*WORK TO COMPLETE*: I'd like the entries reproduced exactly, with the images omitted.

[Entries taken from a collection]
------------------------

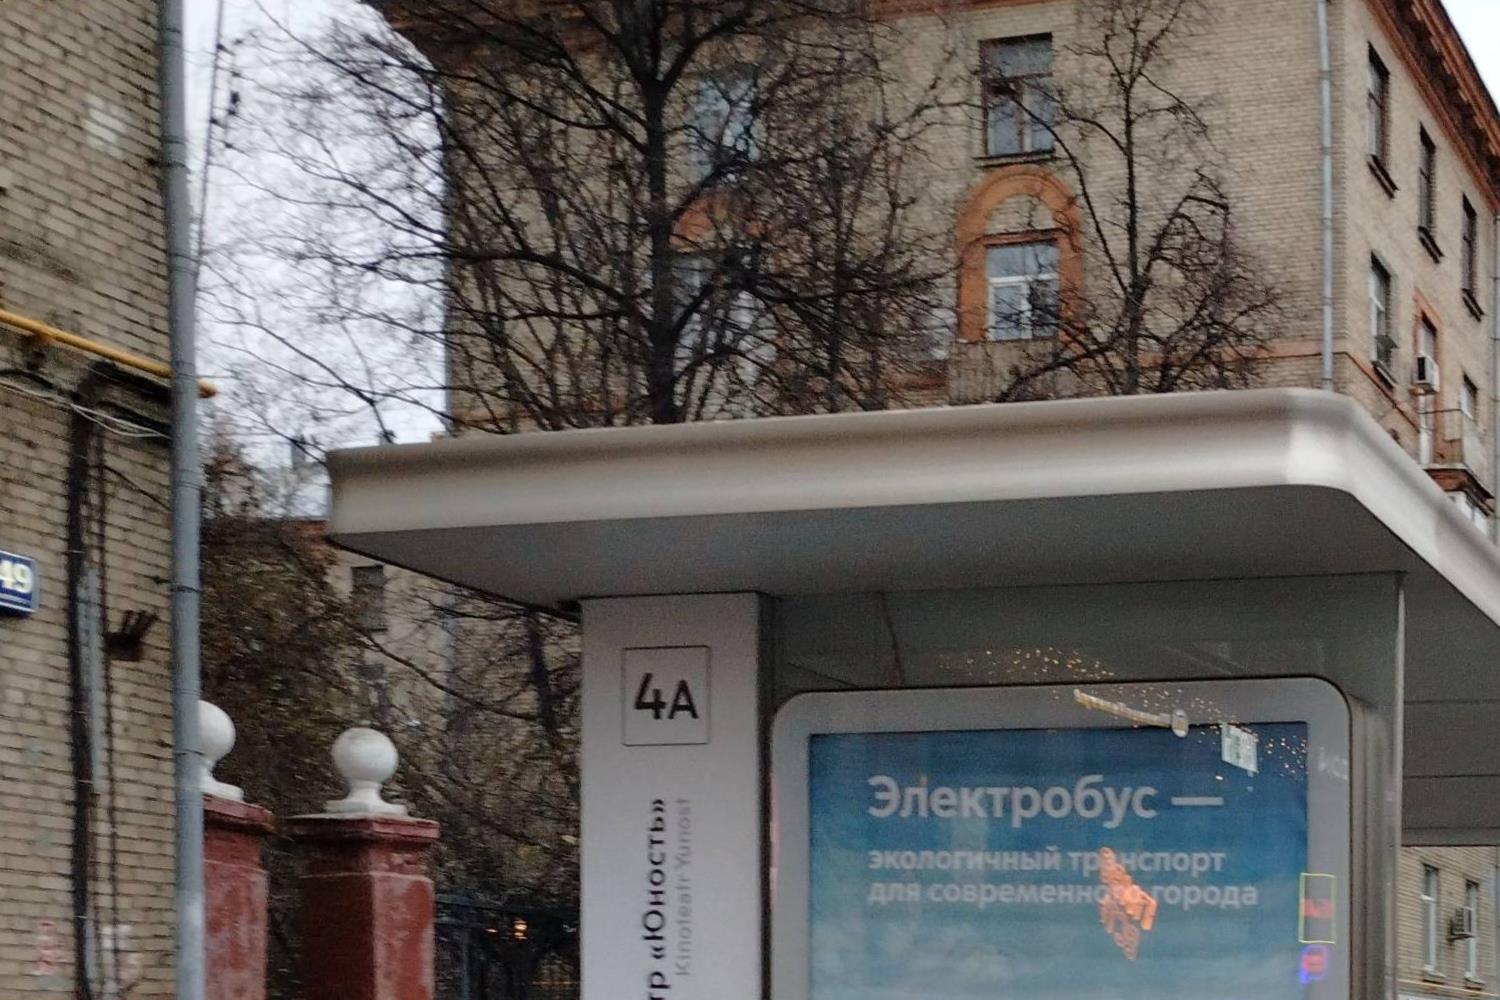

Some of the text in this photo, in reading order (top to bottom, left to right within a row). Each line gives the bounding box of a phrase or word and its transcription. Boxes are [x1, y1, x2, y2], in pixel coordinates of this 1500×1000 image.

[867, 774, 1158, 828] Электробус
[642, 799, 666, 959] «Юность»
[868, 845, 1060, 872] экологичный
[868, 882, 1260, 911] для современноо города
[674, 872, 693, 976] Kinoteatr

------------------------

*RESULT*:
Some of the text in this photo, in reading order (top to bottom, left to right within a row). Each line gives the bounding box of a phrase or word and its transcription. Boxes are [x1, y1, x2, y2], in pixel coordinates of this 1500×1000 image.

[867, 774, 1158, 828] Электробус
[642, 799, 666, 959] «Юность»
[868, 845, 1060, 872] экологичный
[868, 882, 1260, 911] для современноо города
[674, 872, 693, 976] Kinoteatr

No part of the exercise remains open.